LiverHccSeg: A Publicly Available Multiphasic MRI Dataset with Liver and HCC Tumor Segmentations and Inter-Rater Agreement Analysis
Authors/Creators
- 1. Charité Center for Diagnostic and Interventional Radiology, Charité - Universitätsmedizin Berlin, Berlin, Germany
- 2. Department of Radiology and Biomedical Imaging, Yale University School of Medicine, New Haven, Connecticut, United States of America
- 3. Department of Biomedical Engineering, Yale University, New Haven, Connecticut, United States of America
Description
Please cite our data paper published in "Data in Brief": https://www.sciencedirect.com/science/article/pii/S2352340923007473
Background
Liver cancer ranks as the third leading cause of cancer-related mortality worldwide [1] and alarmingly, both the incidence and mortality rates of liver cancer are increasing [2; 3]. Among the various types of primary liver cancer, hepatocellular carcinoma (HCC) stands out as the most prevalent, accounting for approximately 70-85% of liver cancer cases [4]. Leveraging the advantages of magnetic resonance (MR) imaging, HCC can be reliably detected and diagnosed without the requirement of an invasive biopsy [5]. MR imaging offers high tissue contrast, which can be further enhanced through contrast-enhanced multiphasic magnetic resonance imaging (mpMRI) techniques.
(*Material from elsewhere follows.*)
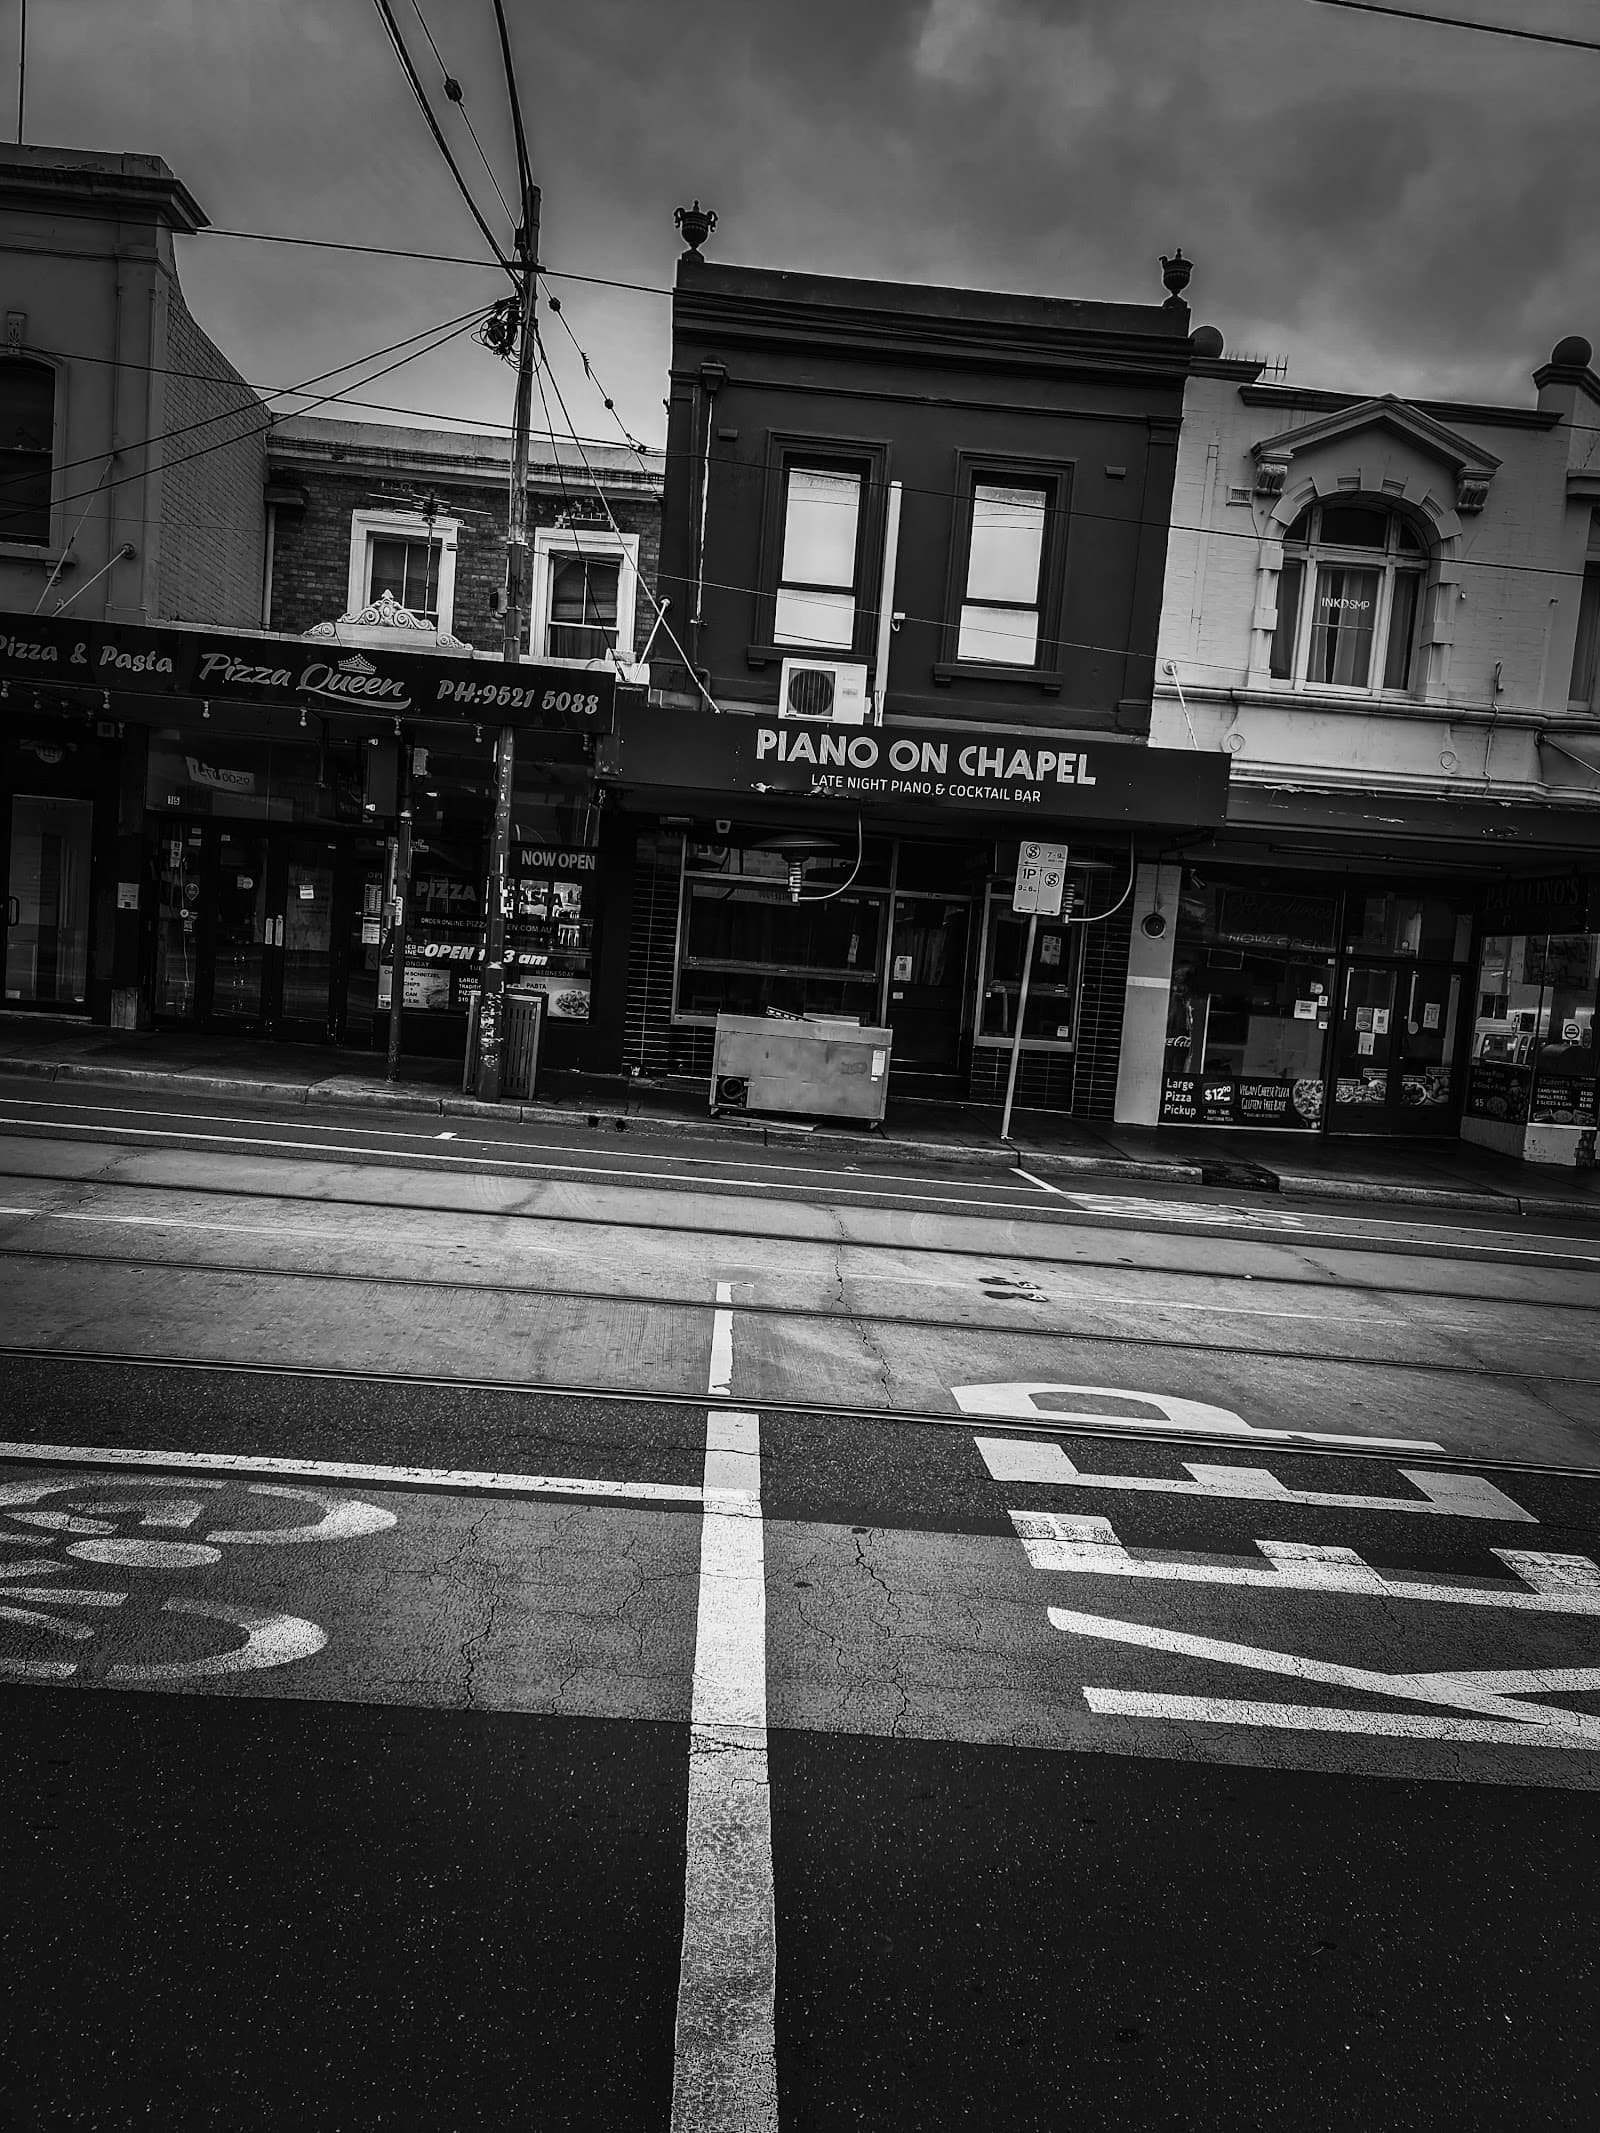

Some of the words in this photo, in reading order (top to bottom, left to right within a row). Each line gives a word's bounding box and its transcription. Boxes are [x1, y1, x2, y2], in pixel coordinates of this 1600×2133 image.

This enables accurate identification and non-invasive diagnosis of HCC [6].
Objective
Precise segmentation of the liver plays a crucial role in volumetry assessment and serves as a vital pre-processing step for subsequent tumor detection algorithms [7]. However, accurate liver segmentation can be particularly challenging in patients with cancer-related tissue alterations and deformations in shape [8]. Accurate HCC tumor segmentation is essential for the extraction of quantitative imaging biomarkers such as radiomics and can be used for studies on treatment response assessment and prognosis evaluation and provides critical information about the tumor biology. In order to enhance the reproducibility of liver and tumor segmentation, automated methods utilizing image analysis techniques and machine learning have been developed. These methods have demonstrated promising results [7; 8]; however, most algorithms were tested only on small internal test sets and therefore do not guarantee generalizable and consistent performance on external data.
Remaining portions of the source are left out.